ECLI:NL:HR:2009:BK3368
Hoge Raad
- Cassatie
- A.J.A. van Dorst
- J. de Hullu
- C.H.W.M. Sterk
- Rechtspraak.nl
Bewijsoverwegingen in cassatie betreffende diefstal uit geparkeerde voertuigen
In deze zaak heeft de Hoge Raad op 22 december 2009 uitspraak gedaan in een cassatieprocedure tegen een arrest van het Gerechtshof te Amsterdam. De verdachte was beschuldigd van diefstal uit meerdere geparkeerde voertuigen op 26 november 2006 in Utrecht.
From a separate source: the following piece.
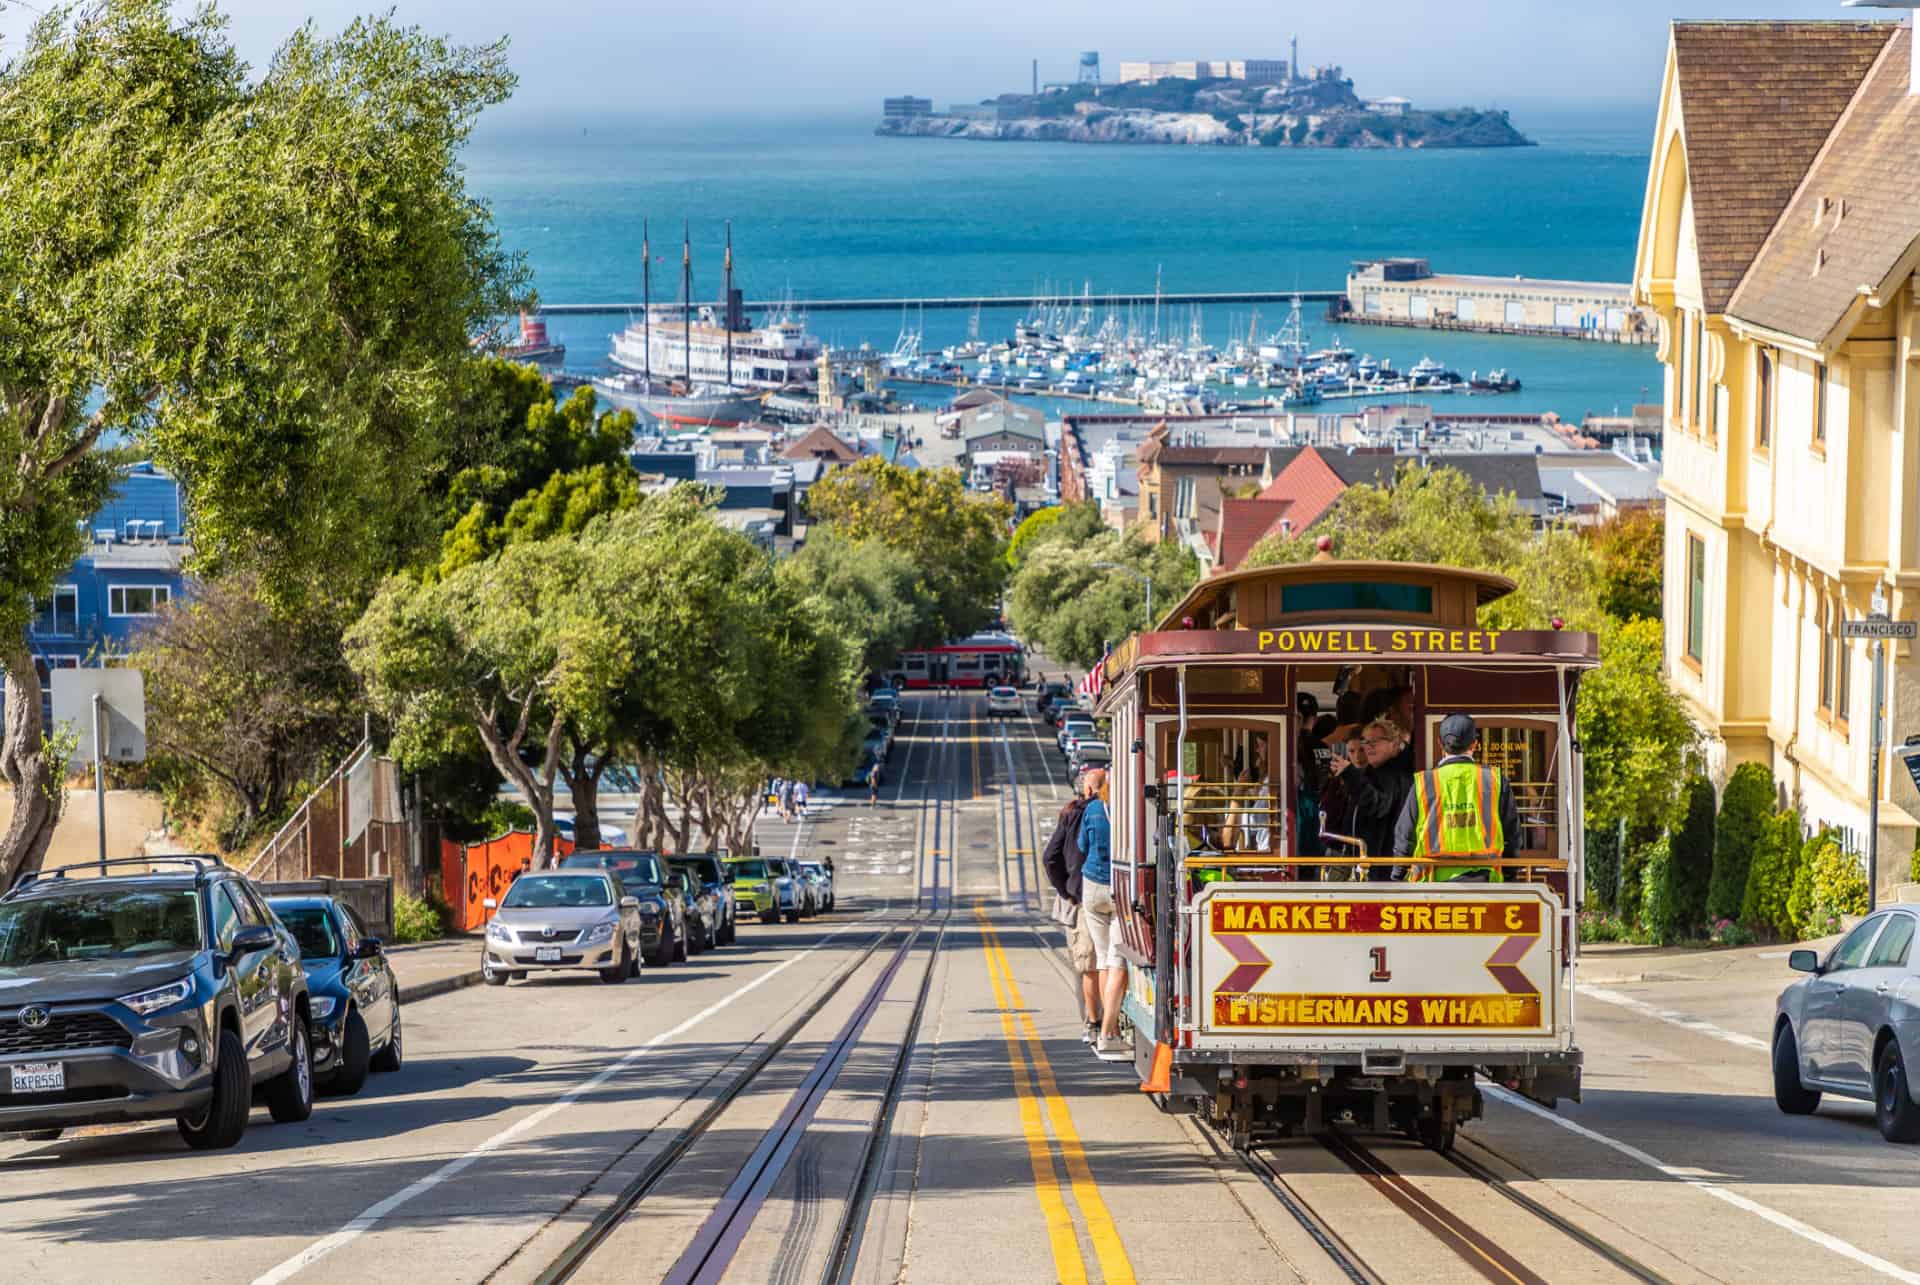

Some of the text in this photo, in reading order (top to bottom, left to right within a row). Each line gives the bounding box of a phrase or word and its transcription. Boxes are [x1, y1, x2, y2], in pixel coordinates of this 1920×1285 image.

Het Hof had de verklaring van getuige Y als betrouwbaar aangemerkt, maar de Hoge Raad oordeelde dat dit oordeel onbegrijpelijk was, omdat de verklaring van getuige Y in tegenspraak was met de feiten zoals vastgesteld door de getuige X. De Hoge Raad vernietigde de uitspraak van het Hof en wees de zaak terug naar het Gerechtshof voor herbehandeling.
De verdachte, geboren in 1988, had samen met een mededader meerdere inbraken gepleegd in geparkeerde voertuigen, waarbij zij goederen hadden weggenomen door middel van braak. De verklaringen van verschillende getuigen, waaronder benadeelden en medeplichtigen, werden als bewijs gebruikt. De Hoge Raad concludeerde dat de bewijsoverwegingen van het Hof niet logisch waren, gezien de tegenstrijdigheden in de getuigenverklaringen. Dit leidde tot de beslissing om de zaak terug te verwijzen naar het Gerechtshof, zodat deze opnieuw kon worden beoordeeld.
De uitspraak van de Hoge Raad benadrukt het belang van consistente en begrijpelijke bewijsoverwegingen in strafzaken, vooral wanneer getuigenverklaringen tegenstrijdig zijn. De zaak illustreert ook de rol van de Hoge Raad als hoogste rechtscollege in Nederland, dat toezicht houdt op de rechtstoepassing door lagere rechters.